Stored items:
++++++
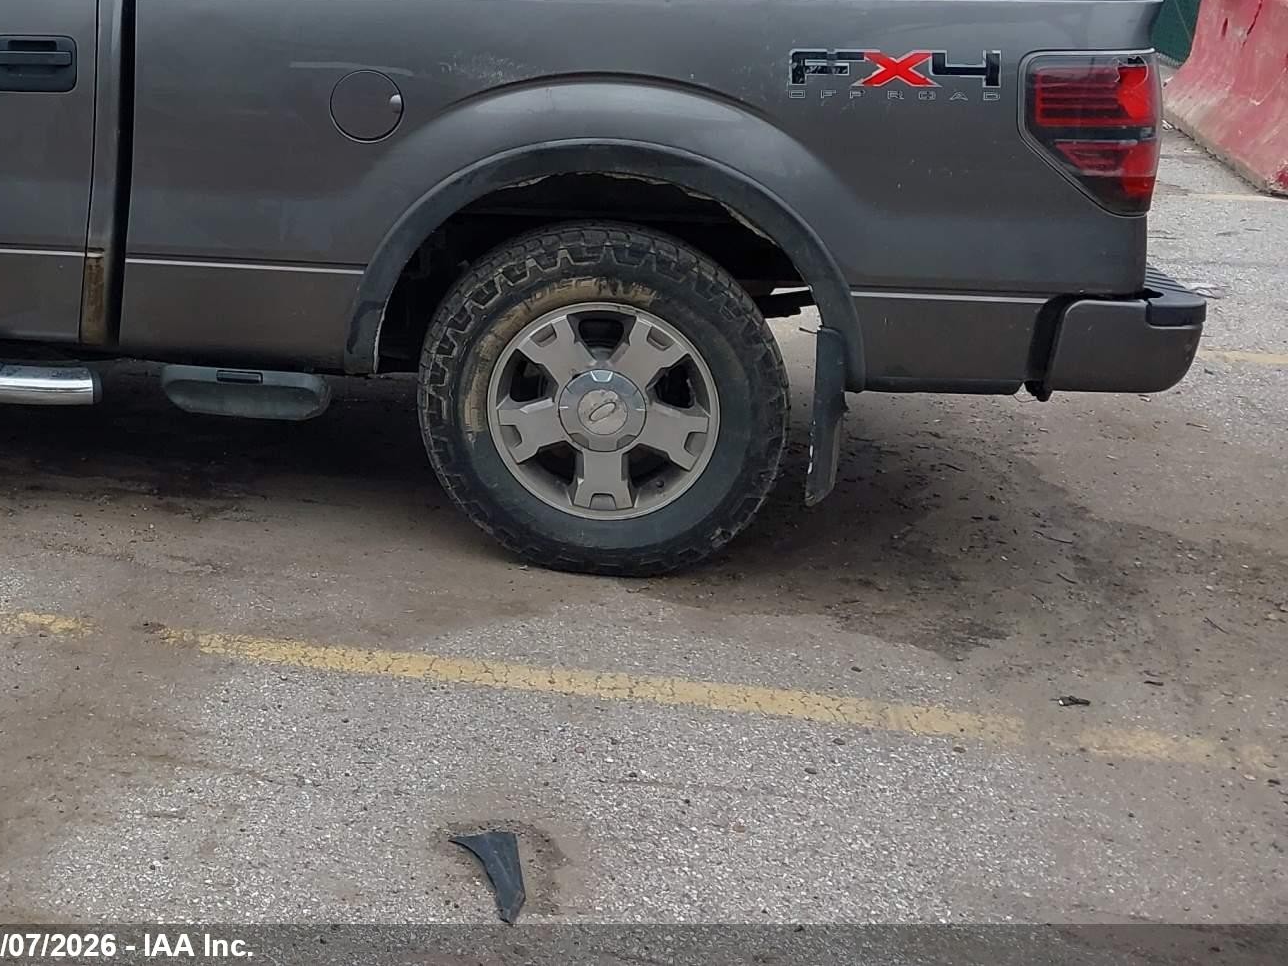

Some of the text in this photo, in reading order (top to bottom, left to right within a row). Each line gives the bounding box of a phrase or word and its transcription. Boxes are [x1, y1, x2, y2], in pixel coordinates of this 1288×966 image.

[789, 49, 1001, 87] FX4
[789, 90, 1001, 100] OFF ROAD
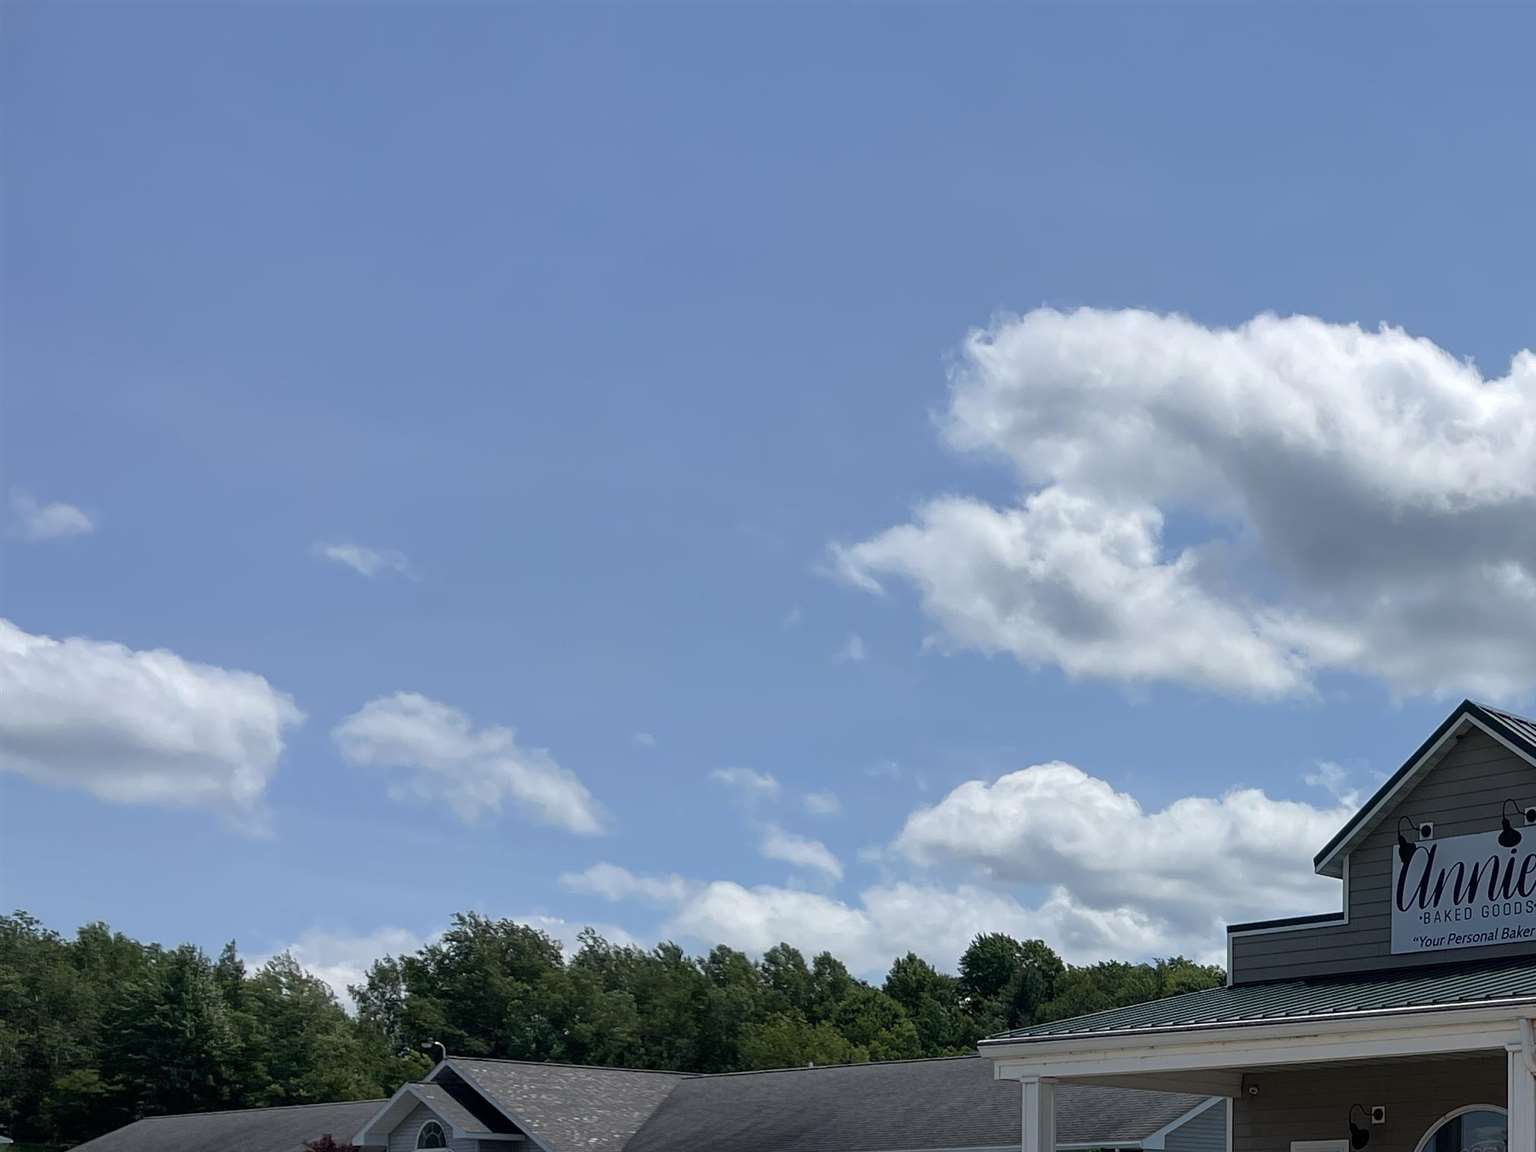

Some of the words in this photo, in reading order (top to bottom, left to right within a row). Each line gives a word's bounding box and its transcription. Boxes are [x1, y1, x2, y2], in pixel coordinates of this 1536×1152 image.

[1424, 907, 1473, 925] BAKED
[1482, 900, 1534, 919] GOODS
[1447, 928, 1498, 945] Personal
++++++
▶ **Exercise goal**
Give the lines from the one containing "Some of the words" through the end of the entries again, exactly as written and with no other lines.

▶ **Answer for the task**
Some of the words in this photo, in reading order (top to bottom, left to right within a row). Each line gives a word's bounding box and its transcription. Boxes are [x1, y1, x2, y2], in pixel coordinates of this 1536×1152 image.

[1424, 907, 1473, 925] BAKED
[1482, 900, 1534, 919] GOODS
[1447, 928, 1498, 945] Personal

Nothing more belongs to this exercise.